-- Entries supplied follows --

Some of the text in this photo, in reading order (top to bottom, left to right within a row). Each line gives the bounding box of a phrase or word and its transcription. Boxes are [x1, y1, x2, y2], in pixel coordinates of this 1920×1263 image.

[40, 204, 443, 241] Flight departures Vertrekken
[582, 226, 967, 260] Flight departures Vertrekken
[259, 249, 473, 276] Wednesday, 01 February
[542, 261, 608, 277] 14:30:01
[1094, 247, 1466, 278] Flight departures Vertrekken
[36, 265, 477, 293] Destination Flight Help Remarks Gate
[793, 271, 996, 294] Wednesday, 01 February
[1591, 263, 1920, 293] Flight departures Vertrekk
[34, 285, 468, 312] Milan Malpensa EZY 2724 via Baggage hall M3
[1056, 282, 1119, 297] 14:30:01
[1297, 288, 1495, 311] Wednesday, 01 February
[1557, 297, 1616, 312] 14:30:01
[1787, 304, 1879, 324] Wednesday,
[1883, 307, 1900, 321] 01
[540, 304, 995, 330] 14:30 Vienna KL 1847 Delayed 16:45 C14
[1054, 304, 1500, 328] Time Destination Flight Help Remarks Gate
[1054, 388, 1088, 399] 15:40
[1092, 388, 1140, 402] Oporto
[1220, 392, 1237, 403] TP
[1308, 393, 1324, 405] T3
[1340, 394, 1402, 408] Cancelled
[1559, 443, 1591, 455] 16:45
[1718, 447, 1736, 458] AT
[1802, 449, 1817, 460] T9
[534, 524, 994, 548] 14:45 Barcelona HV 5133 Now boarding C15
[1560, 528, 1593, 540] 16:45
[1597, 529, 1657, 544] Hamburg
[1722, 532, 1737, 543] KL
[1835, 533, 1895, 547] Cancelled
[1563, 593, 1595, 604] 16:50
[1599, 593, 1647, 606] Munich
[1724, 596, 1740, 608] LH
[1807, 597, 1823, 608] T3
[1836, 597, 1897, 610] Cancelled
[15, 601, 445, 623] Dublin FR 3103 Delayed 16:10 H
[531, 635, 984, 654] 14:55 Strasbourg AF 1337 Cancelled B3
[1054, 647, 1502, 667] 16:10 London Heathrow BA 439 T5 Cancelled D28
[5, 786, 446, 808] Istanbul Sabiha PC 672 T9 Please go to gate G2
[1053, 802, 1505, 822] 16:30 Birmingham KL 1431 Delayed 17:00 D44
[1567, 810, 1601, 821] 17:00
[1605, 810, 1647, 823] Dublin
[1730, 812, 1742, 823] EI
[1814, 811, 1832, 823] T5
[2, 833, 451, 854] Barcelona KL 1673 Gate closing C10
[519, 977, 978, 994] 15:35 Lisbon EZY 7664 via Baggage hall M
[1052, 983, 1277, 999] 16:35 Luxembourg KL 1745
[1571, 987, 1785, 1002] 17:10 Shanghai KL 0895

-- Entries supplied concluded --

Requirement >>
Write out the records once more, precisely as they stand.

Written solution >>
Some of the text in this photo, in reading order (top to bottom, left to right within a row). Each line gives the bounding box of a phrase or word and its transcription. Boxes are [x1, y1, x2, y2], in pixel coordinates of this 1920×1263 image.

[40, 204, 443, 241] Flight departures Vertrekken
[582, 226, 967, 260] Flight departures Vertrekken
[259, 249, 473, 276] Wednesday, 01 February
[542, 261, 608, 277] 14:30:01
[1094, 247, 1466, 278] Flight departures Vertrekken
[36, 265, 477, 293] Destination Flight Help Remarks Gate
[793, 271, 996, 294] Wednesday, 01 February
[1591, 263, 1920, 293] Flight departures Vertrekk
[34, 285, 468, 312] Milan Malpensa EZY 2724 via Baggage hall M3
[1056, 282, 1119, 297] 14:30:01
[1297, 288, 1495, 311] Wednesday, 01 February
[1557, 297, 1616, 312] 14:30:01
[1787, 304, 1879, 324] Wednesday,
[1883, 307, 1900, 321] 01
[540, 304, 995, 330] 14:30 Vienna KL 1847 Delayed 16:45 C14
[1054, 304, 1500, 328] Time Destination Flight Help Remarks Gate
[1054, 388, 1088, 399] 15:40
[1092, 388, 1140, 402] Oporto
[1220, 392, 1237, 403] TP
[1308, 393, 1324, 405] T3
[1340, 394, 1402, 408] Cancelled
[1559, 443, 1591, 455] 16:45
[1718, 447, 1736, 458] AT
[1802, 449, 1817, 460] T9
[534, 524, 994, 548] 14:45 Barcelona HV 5133 Now boarding C15
[1560, 528, 1593, 540] 16:45
[1597, 529, 1657, 544] Hamburg
[1722, 532, 1737, 543] KL
[1835, 533, 1895, 547] Cancelled
[1563, 593, 1595, 604] 16:50
[1599, 593, 1647, 606] Munich
[1724, 596, 1740, 608] LH
[1807, 597, 1823, 608] T3
[1836, 597, 1897, 610] Cancelled
[15, 601, 445, 623] Dublin FR 3103 Delayed 16:10 H
[531, 635, 984, 654] 14:55 Strasbourg AF 1337 Cancelled B3
[1054, 647, 1502, 667] 16:10 London Heathrow BA 439 T5 Cancelled D28
[5, 786, 446, 808] Istanbul Sabiha PC 672 T9 Please go to gate G2
[1053, 802, 1505, 822] 16:30 Birmingham KL 1431 Delayed 17:00 D44
[1567, 810, 1601, 821] 17:00
[1605, 810, 1647, 823] Dublin
[1730, 812, 1742, 823] EI
[1814, 811, 1832, 823] T5
[2, 833, 451, 854] Barcelona KL 1673 Gate closing C10
[519, 977, 978, 994] 15:35 Lisbon EZY 7664 via Baggage hall M
[1052, 983, 1277, 999] 16:35 Luxembourg KL 1745
[1571, 987, 1785, 1002] 17:10 Shanghai KL 0895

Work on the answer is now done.